Our machine is able to help ingest that data, verify that data where every other mortgage player is saying, oh, this is complicated, I don’t want to deal with this. When you’re dealing with somebody who’s commissioned, they just want the easy loans, they want the loans to somebody buying a $2 million place and, you know, the person who’s buying a $300,000 place, that’s not what our engine does. Our engine treats everybody really well and our team of non-commissioned loan consultants, they’re there to help and empower the consumer to get the best outcome and the best house that they possibly can.
So we’re seeing a lot of that which that gets down to the last thing is that because we’ve taken all the stress and the brain damage out of the process, we can spend time educating these consumers. You know, the sort of homeownership myth in America used to be…well, everyone should buy a house and, you know, the credit crisis, post the credit crisis, people are worried that based on what happened with their parents or with their parents’ friends or others they have so many horror stories of someone who just bought a house they couldn’t afford. People want to buy a house, they really do, but they want to buy a house they can afford and so we can surface that and then actually carry through with that all the way through the process.
Peter: Okay, so on your website it says…we won’t rest until you can get a mortgage in one day at no cost. So I guess it brings up several questions. Obviously, the one day piece is fascinating. The last time I got a mortgage I think it was about a 60 day process for me and it was highly frustrating, I wish you guys were around back then. But anyway, I want to ask, how long does it take today and what needs to change to get to this 24-hour turnaround you talk about?
Vishal: So actually, we’re really proud to say that today in certain markets, I think six markets, in Seattle, in San Francisco, in Atlanta, in San Diego, LA and Denver, we can do a mortgage in one day. We can take you from going online on your mobile, getting pre-approved in three minutes, allowing us to pull some data from your employer and your taxes, locking a rate in 15 minutes, getting fully verified, underwritten and being eligible for our Better Offer process which basically gets you a commitment letter, turns you from a mortgage buyer into one that can waive their financing and appraisal contingency in one day.
Peter: Wow!
Vishal: So that is live. Now regulatorily, we still need ten days to close because we have to issue some disclosures and those disclosures have a cooling off period, but that’s a sort of closing process, but we can give you total certainty and back it up with a guarantee such that if you were to waive your financing contingency and for whatever reason something falls through, we will back up your earnest money deposit with up to $50,000, we’ll reimburse you for that.

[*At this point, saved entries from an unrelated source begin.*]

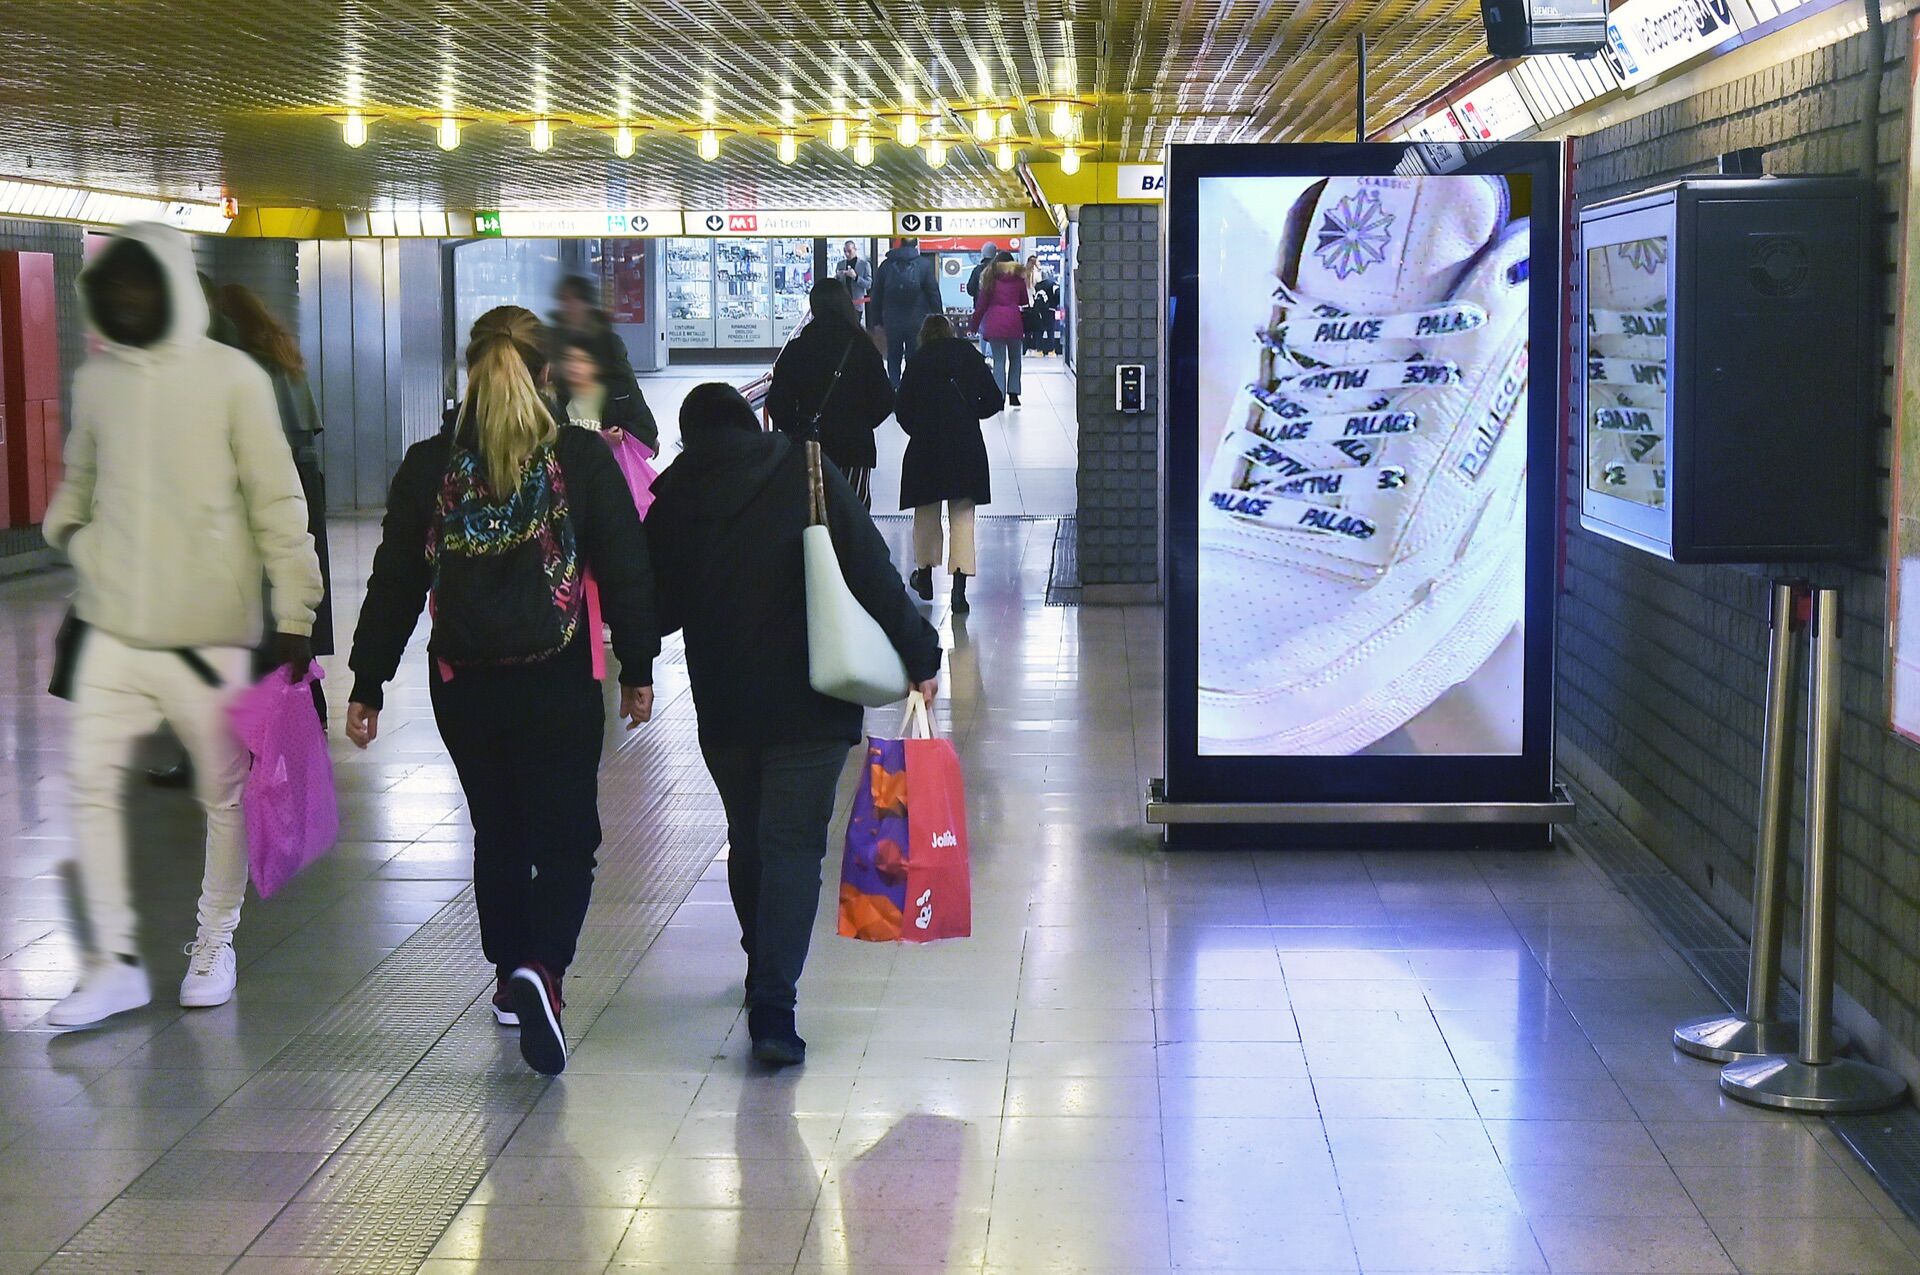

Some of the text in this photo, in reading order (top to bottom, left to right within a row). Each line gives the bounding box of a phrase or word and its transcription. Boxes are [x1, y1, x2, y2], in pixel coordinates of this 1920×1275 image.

[1533, 6, 1559, 16] SIEMENS
[1644, 5, 1694, 49] Gonzaga
[1142, 175, 1164, 190] BA
[729, 215, 757, 231] M1
[949, 217, 1020, 229] ATM POINT
[1314, 320, 1383, 342] PALACE
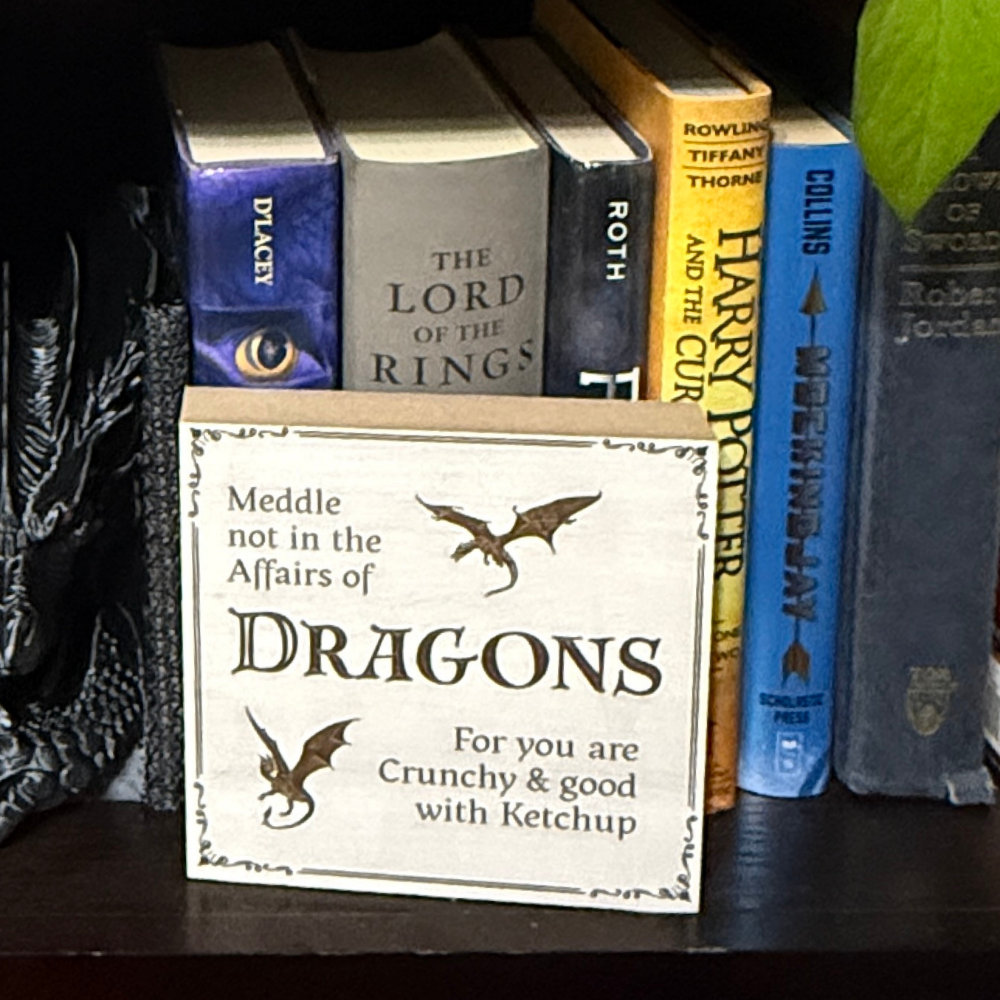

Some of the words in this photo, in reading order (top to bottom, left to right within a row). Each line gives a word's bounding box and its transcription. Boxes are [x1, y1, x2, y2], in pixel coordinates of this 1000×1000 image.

[688, 147, 765, 163] TIFFANY
[686, 171, 763, 188] THORNE
[803, 169, 835, 255] COLLINS
[253, 196, 274, 286] D'LACEY
[431, 248, 492, 271] THE
[606, 200, 629, 280] ROTH
[686, 233, 705, 281] AND
[388, 273, 525, 315] LORD
[682, 285, 703, 325] THE
[708, 224, 763, 387] HARRY
[413, 325, 447, 344] OF
[457, 320, 503, 342] THE
[371, 338, 533, 387] RINGS
[228, 485, 341, 515] Meddle
[228, 527, 278, 549] not
[290, 525, 320, 551] in
[332, 526, 382, 553] the
[227, 558, 333, 591] Affairs
[342, 563, 376, 596] of
[228, 607, 663, 697] DRAGONS
[454, 727, 508, 754] For
[516, 736, 575, 762] you
[588, 741, 639, 762] are
[378, 758, 517, 797] Crunchy
[526, 767, 550, 793] &
[559, 773, 637, 802] good
[416, 797, 488, 825] with
[502, 801, 637, 841] Ketchup

So we’re doing that in six markets. Those six markets are probably like 15% of American housing. We’re going to take that national, but we’re there. We’re at the beachhead, we’ve got to push through (Peter laughs) so we’re super proud that we’ve been able to make that happen.
Yes, that mortgage today is with zero fees and our best price guarantee where we guarantee we have the lowest price by at least $1,000 or we’ll pay you $1,000 so it comes with our Better Price Guarantee so no fees, Better Price Guarantee, one day mortgage, live today in six markets, national by end of 2018.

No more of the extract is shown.